[Opening Records to process section]
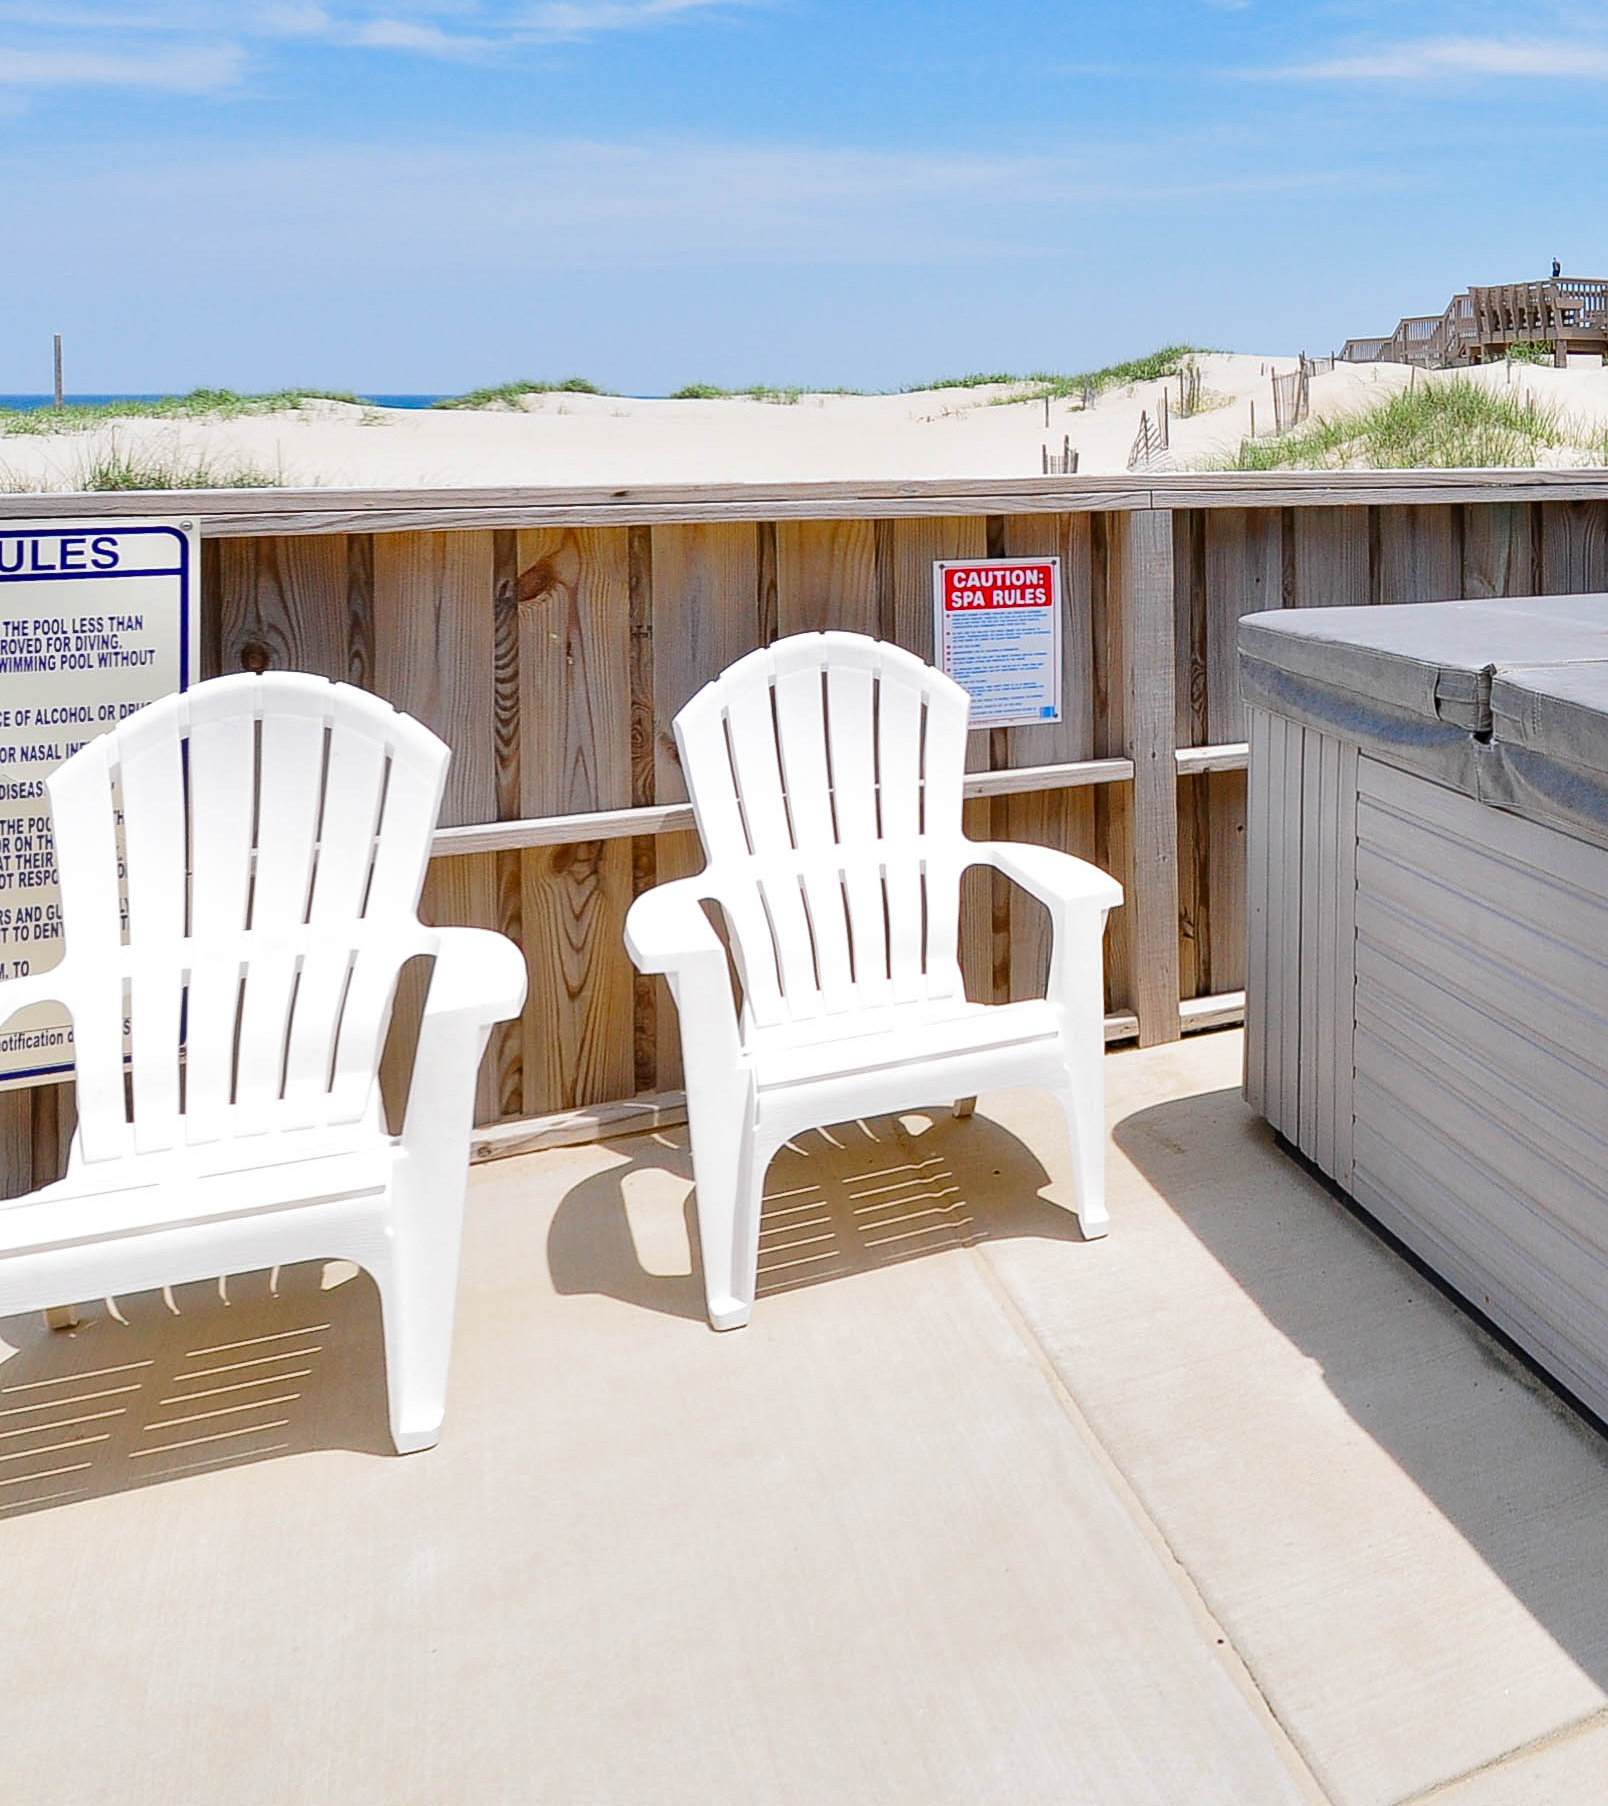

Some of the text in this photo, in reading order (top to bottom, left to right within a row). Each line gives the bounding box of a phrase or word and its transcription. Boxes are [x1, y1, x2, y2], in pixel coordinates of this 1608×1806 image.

[0, 536, 119, 572] ULES
[953, 569, 1044, 588] CAUTION:
[951, 588, 1046, 608] SPA RULES
[3, 615, 143, 637] THE POOL LESS THAN
[0, 634, 123, 655] ROVED FOR DIVING.
[60, 653, 94, 670] POOL
[98, 649, 156, 668] WITHOUT
[15, 709, 31, 726] OF
[35, 706, 94, 725] ALCOHOL
[98, 704, 115, 721] OR
[0, 747, 16, 763] OR
[20, 744, 62, 762] NASAL
[0, 781, 46, 800] DISEAS
[0, 818, 24, 835] THE
[15, 836, 32, 852] ON
[15, 852, 53, 870] THEIR
[16, 906, 42, 924] AND
[13, 925, 29, 943] TO
[13, 961, 29, 978] TO
[0, 1030, 63, 1052] otification
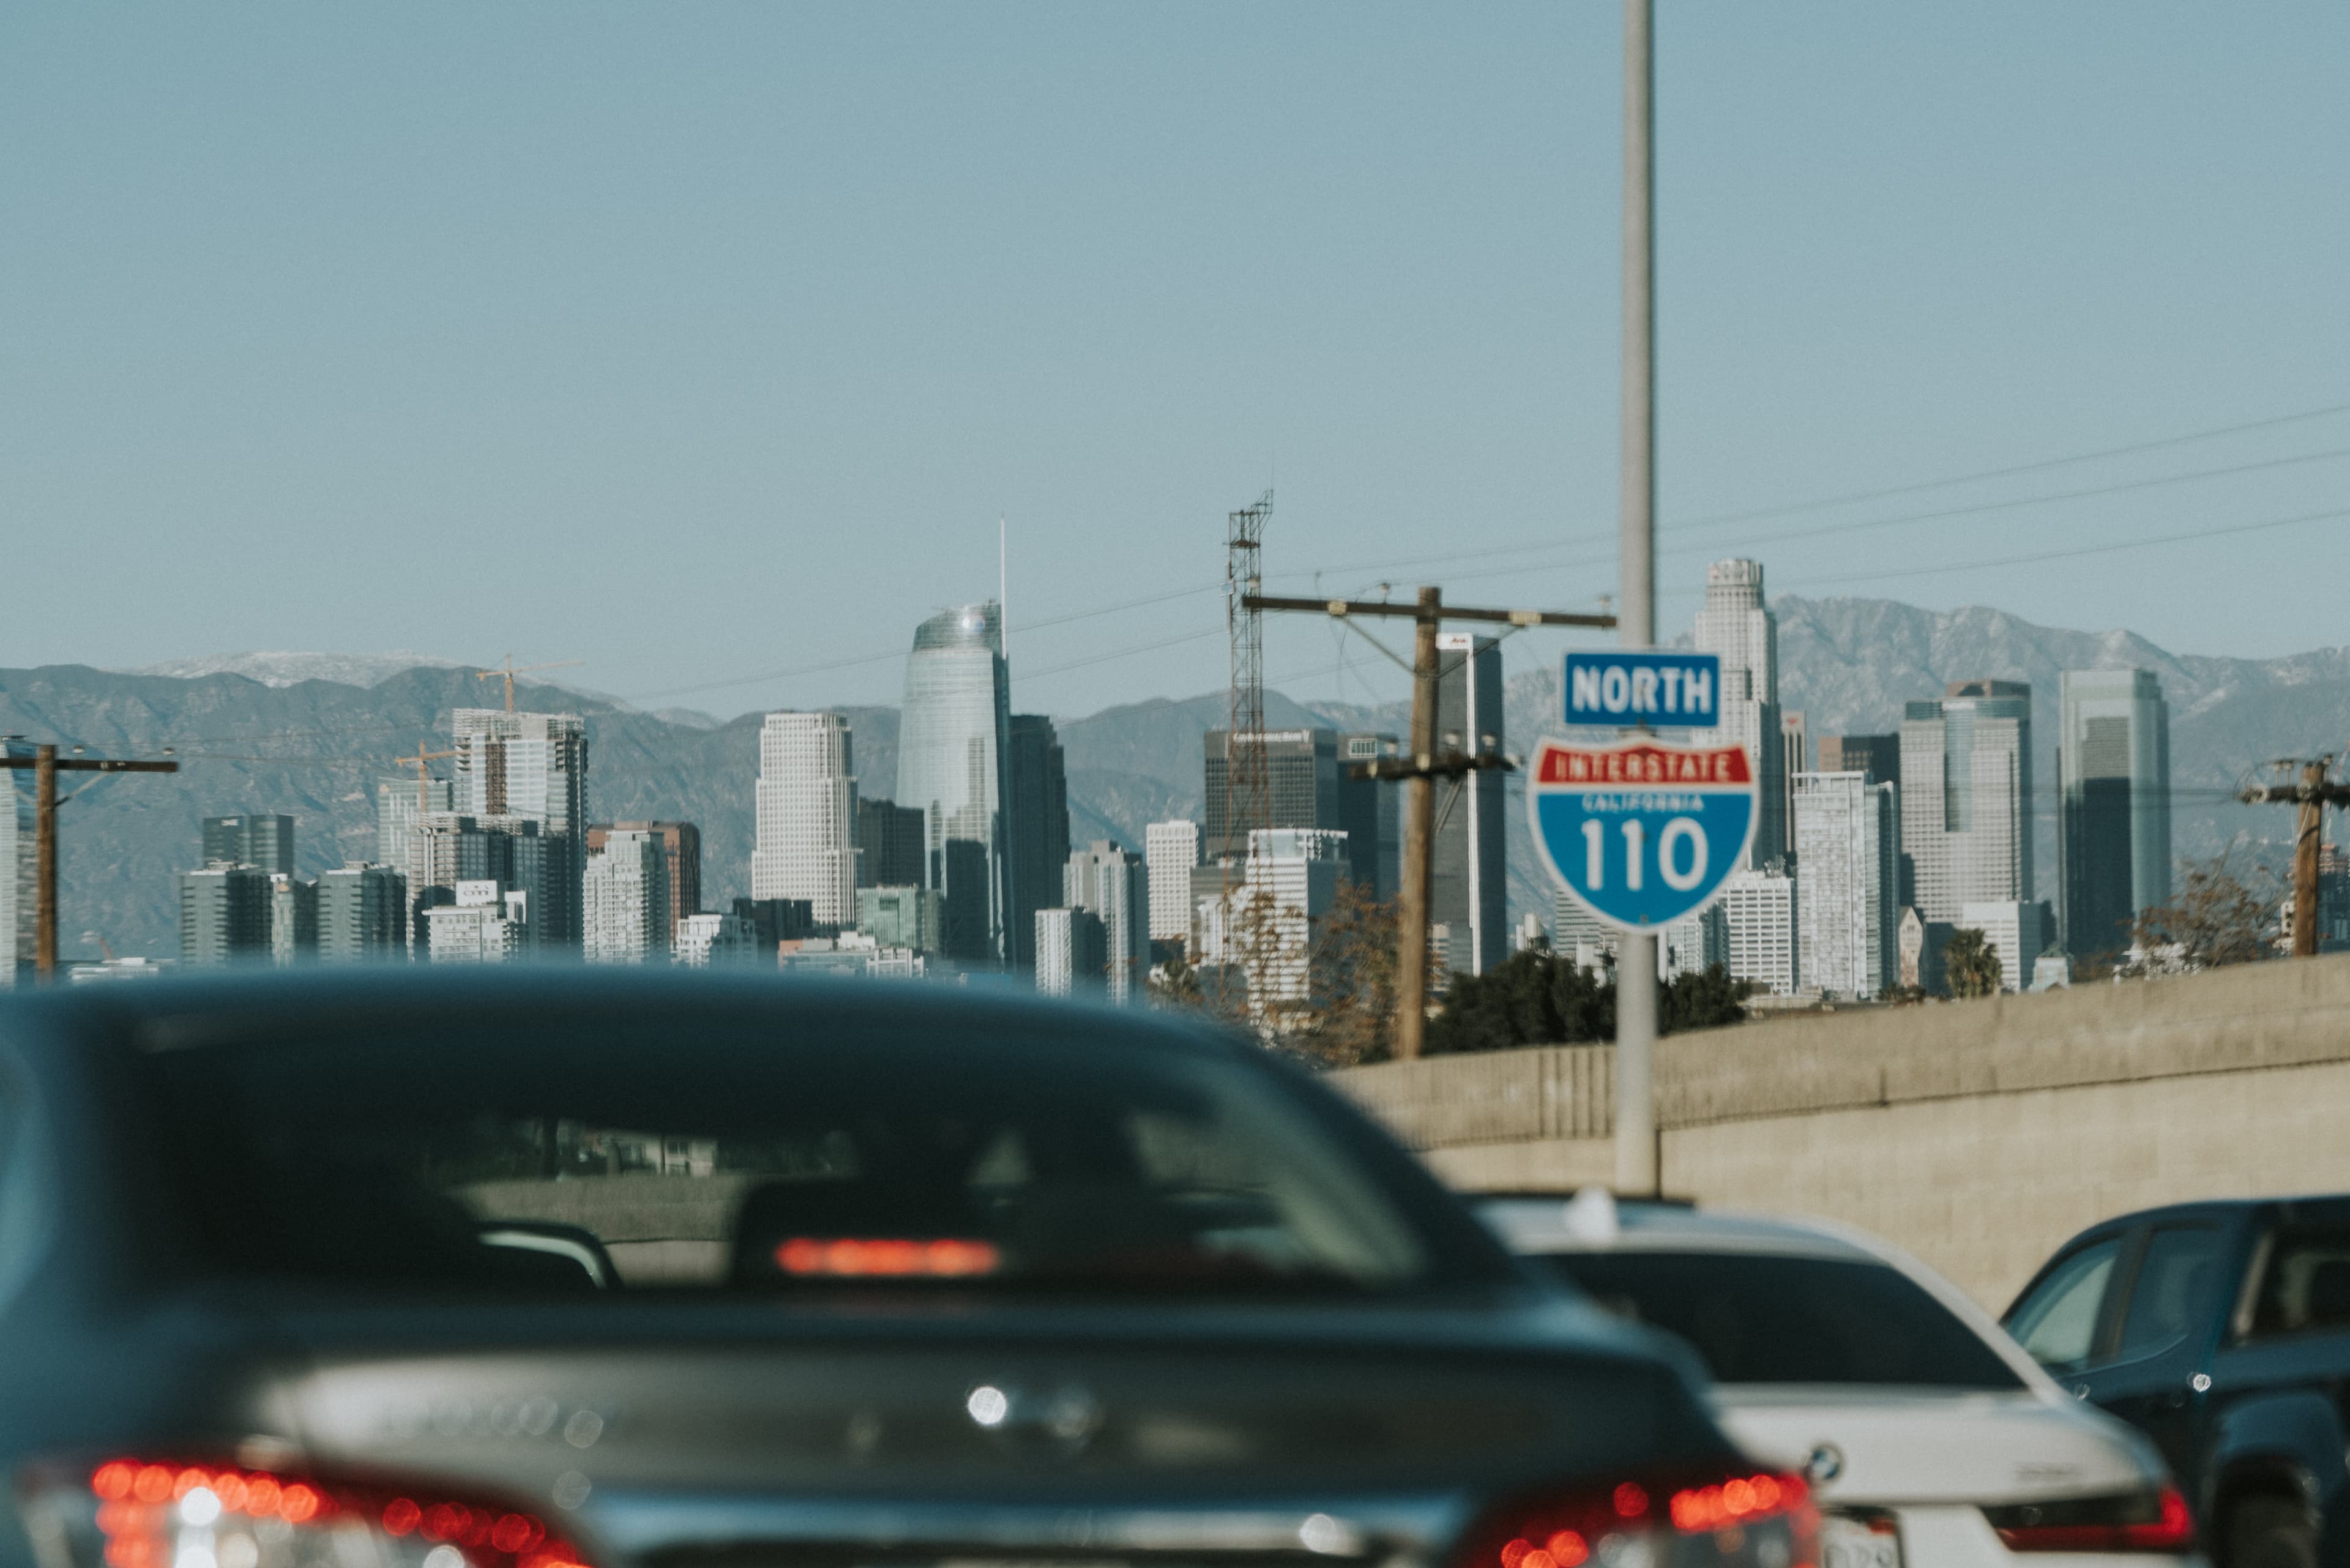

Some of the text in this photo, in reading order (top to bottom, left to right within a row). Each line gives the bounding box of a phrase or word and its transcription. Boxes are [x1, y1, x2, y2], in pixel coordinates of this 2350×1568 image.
[Closing Records to process section]
__Description of the task__
Everything in the records above must be restated verbatim, save for the pictures.

__Solved exercise__
Some of the text in this photo, in reading order (top to bottom, left to right within a row). Each line gives the bounding box of a phrase or word and its transcription. Boxes are [x1, y1, x2, y2], in pixel coordinates of this 1608×1806 image.

[0, 536, 119, 572] ULES
[953, 569, 1044, 588] CAUTION:
[951, 588, 1046, 608] SPA RULES
[3, 615, 143, 637] THE POOL LESS THAN
[0, 634, 123, 655] ROVED FOR DIVING.
[60, 653, 94, 670] POOL
[98, 649, 156, 668] WITHOUT
[15, 709, 31, 726] OF
[35, 706, 94, 725] ALCOHOL
[98, 704, 115, 721] OR
[0, 747, 16, 763] OR
[20, 744, 62, 762] NASAL
[0, 781, 46, 800] DISEAS
[0, 818, 24, 835] THE
[15, 836, 32, 852] ON
[15, 852, 53, 870] THEIR
[16, 906, 42, 924] AND
[13, 925, 29, 943] TO
[13, 961, 29, 978] TO
[0, 1030, 63, 1052] otification

Some of the text in this photo, in reading order (top to bottom, left to right within a row). Each line gives the bounding box of a phrase or word and its transcription. Boxes are [x1, y1, x2, y2], in pixel coordinates of this 2350×1568 image.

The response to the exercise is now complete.